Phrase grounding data
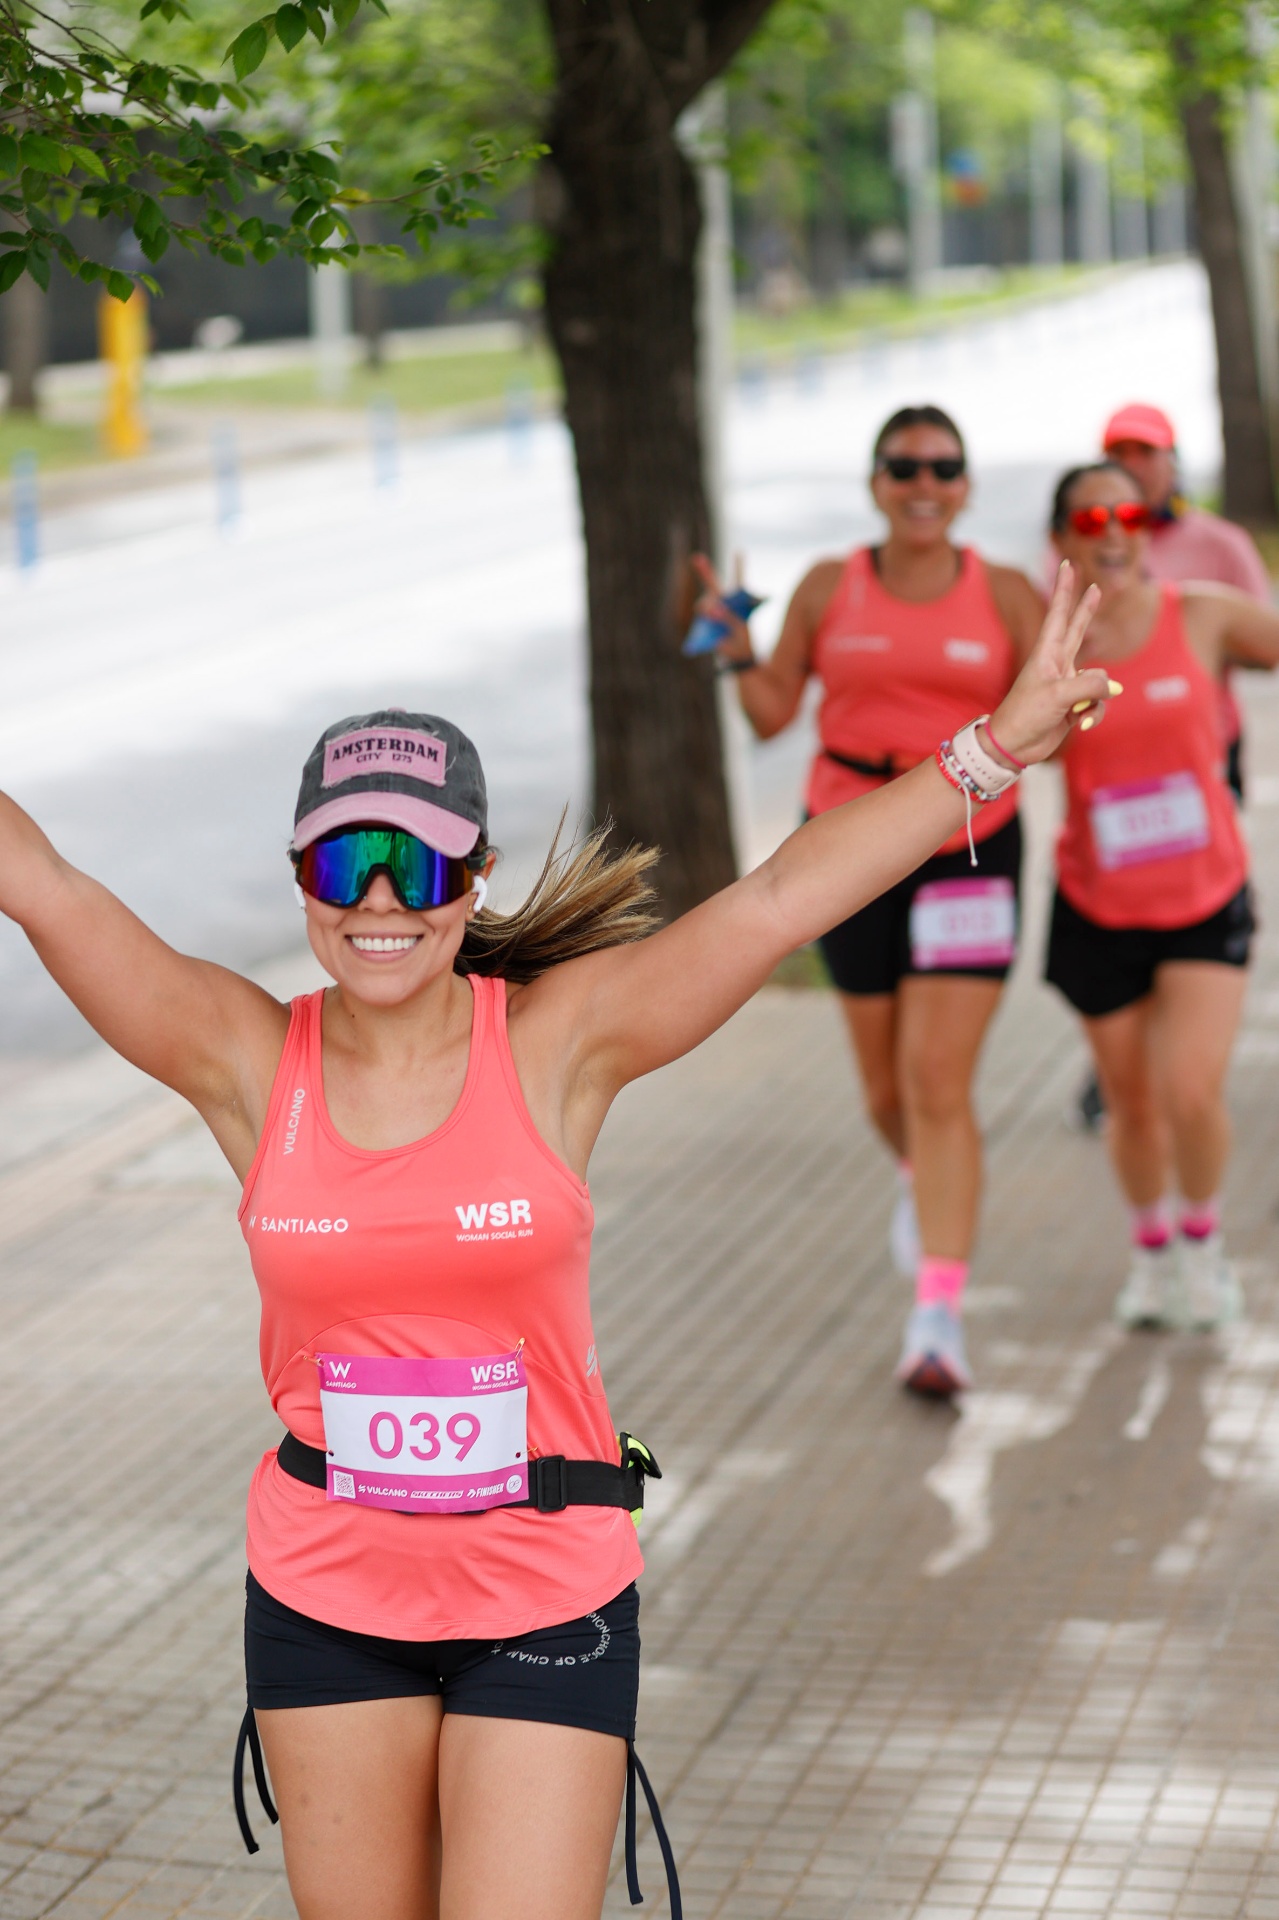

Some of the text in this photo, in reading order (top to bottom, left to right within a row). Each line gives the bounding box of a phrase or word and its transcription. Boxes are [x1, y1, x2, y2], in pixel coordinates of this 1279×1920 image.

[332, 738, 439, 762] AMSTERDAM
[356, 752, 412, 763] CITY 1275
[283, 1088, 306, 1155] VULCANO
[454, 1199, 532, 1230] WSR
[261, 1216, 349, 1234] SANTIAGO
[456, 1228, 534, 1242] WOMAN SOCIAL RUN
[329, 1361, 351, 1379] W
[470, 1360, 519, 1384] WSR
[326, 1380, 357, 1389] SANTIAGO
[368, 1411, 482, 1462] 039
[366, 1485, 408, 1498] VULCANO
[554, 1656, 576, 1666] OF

▶ **Task to complete**
Give all the lines above again, character for character, without pictures.

▶ **Result of the task**
Some of the text in this photo, in reading order (top to bottom, left to right within a row). Each line gives the bounding box of a phrase or word and its transcription. Boxes are [x1, y1, x2, y2], in pixel coordinates of this 1279×1920 image.

[332, 738, 439, 762] AMSTERDAM
[356, 752, 412, 763] CITY 1275
[283, 1088, 306, 1155] VULCANO
[454, 1199, 532, 1230] WSR
[261, 1216, 349, 1234] SANTIAGO
[456, 1228, 534, 1242] WOMAN SOCIAL RUN
[329, 1361, 351, 1379] W
[470, 1360, 519, 1384] WSR
[326, 1380, 357, 1389] SANTIAGO
[368, 1411, 482, 1462] 039
[366, 1485, 408, 1498] VULCANO
[554, 1656, 576, 1666] OF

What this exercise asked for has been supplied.